Cook figured it was worth a shot to try a new diet to see if that would help.
The problem is the English sailors were stuck in their ways. They were used to their standard meals and booze, which contained little in the way of Vitamin C. Cook needed to figure out how to get them to change their diet to include sauerkraut.
The crews of these ships were becoming suspicious of long trips because they knew scurvy was a possibility so Captain Cook didn’t want to straight-up tell them he had a possible cure for the disease. He wanted to avoid a mutiny so he had to trick them into eating healthy food packed with Vitamin C.
Cook decided to use scarcity as a tactic by only serving sauerkraut to the officers on the ship but not the rest of the crew. Once the men realized the officers were getting special treatment he told the crew they could only have it, but only once a week. It became a delicacy instead of something they were forced to consume.
Once it was included in their diet he slowly introduced the cabbage into more meals. From that point forward Cook could take his ships on long voyages without seeing his crew become ill from scurvy.
If we were always rational there would be no use for such psychological tactics but we are only human so there are times when we need to trick ourselves into good behavior to improve our lot in life.
Saving for retirement falls under this category. It’s difficult to get people to think about their future self many decades into the future.
Why should I care about enjoying life in retirement when I can enjoy life now?
This is hard to argue with until you actually reach an age where you no longer want to work and face a declining standard of living.
So how do we get people to save more?
Take the decision out of their hands and make it automatic because people generally take the path of least resistance.
In countries where the default option for organ transplants is to opt-out of the program, 90% of people register to donate their organs.

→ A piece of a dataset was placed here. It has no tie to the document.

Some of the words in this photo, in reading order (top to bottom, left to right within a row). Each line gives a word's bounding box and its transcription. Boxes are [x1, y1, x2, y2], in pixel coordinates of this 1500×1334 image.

In countries where the default option is to opt-in for organ donors programs, the rate of people registering is just 15%.

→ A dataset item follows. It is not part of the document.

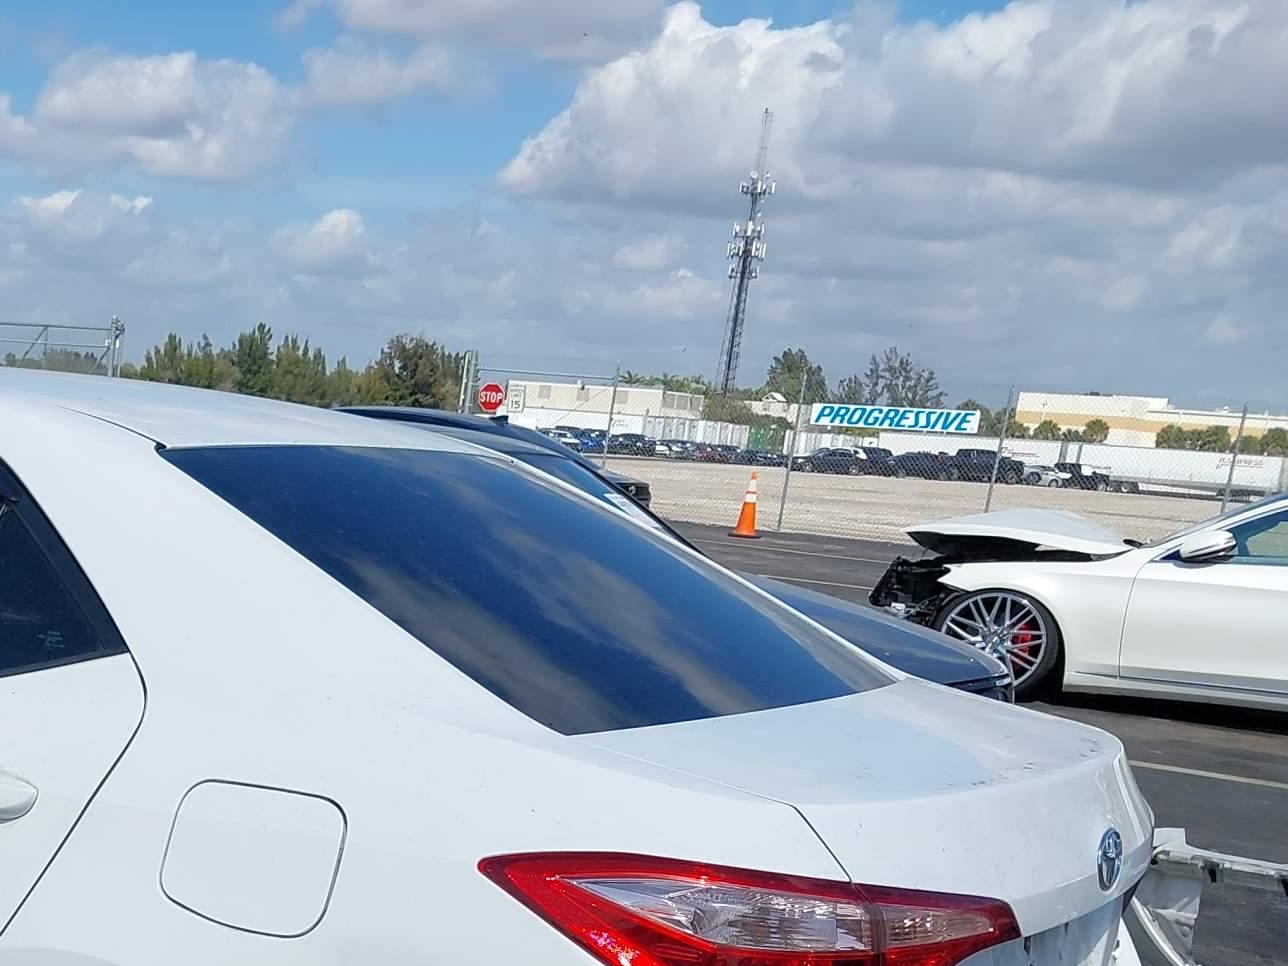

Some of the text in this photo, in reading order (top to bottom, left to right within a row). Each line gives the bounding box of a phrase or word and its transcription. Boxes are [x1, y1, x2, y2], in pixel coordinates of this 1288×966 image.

[480, 391, 503, 403] STOP
[510, 400, 521, 409] 15
[814, 405, 977, 432] PROGRESSIVE

We see similar divegences between those employers who offer automatic vs. voluntary enrollment for their 401(k) plans. Here’s the comparison from the latest How America Saves research from Vanguard 401(k) plans:
Forcing people to opt-out instead of opting-in can make a huge difference because most of the time people simply do whatever takes the least amount of heavy lifting. That’s a 56% boost in the savings rate by making this decision automatic.
And this works for those just starting out as well. Vanguard found employees under age 35 who make less than $50,000 a year had a savings rate that was twice as high when their employer used automatic enrollment instead of voluntary enrollment in their retirement plan.

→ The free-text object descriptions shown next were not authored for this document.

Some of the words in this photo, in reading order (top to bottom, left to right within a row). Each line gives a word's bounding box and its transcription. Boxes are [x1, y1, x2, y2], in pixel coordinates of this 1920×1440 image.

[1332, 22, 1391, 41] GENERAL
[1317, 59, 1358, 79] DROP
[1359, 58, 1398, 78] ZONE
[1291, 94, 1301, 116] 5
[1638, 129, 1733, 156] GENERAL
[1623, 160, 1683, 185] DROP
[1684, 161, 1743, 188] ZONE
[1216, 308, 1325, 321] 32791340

Inertia is one of the biggest enemies of behavioral change.
Employers actually have more power in shaping the saving and investing decisions for their employees than they realize.
They can not only automatically enroll their employees into the plan, but set higher default savings rates, use diversified default investment vehicles such as low-cost targetdate funds, offer a decent company match and utilize automatic escalation to slowly increase the amount employees save over time.
The burden for retirement has shifted in recent decades from employers defined benefit (pension) plans to employee defined contribution plans. But employers can still play an important role in shaping better outcomes for their workers.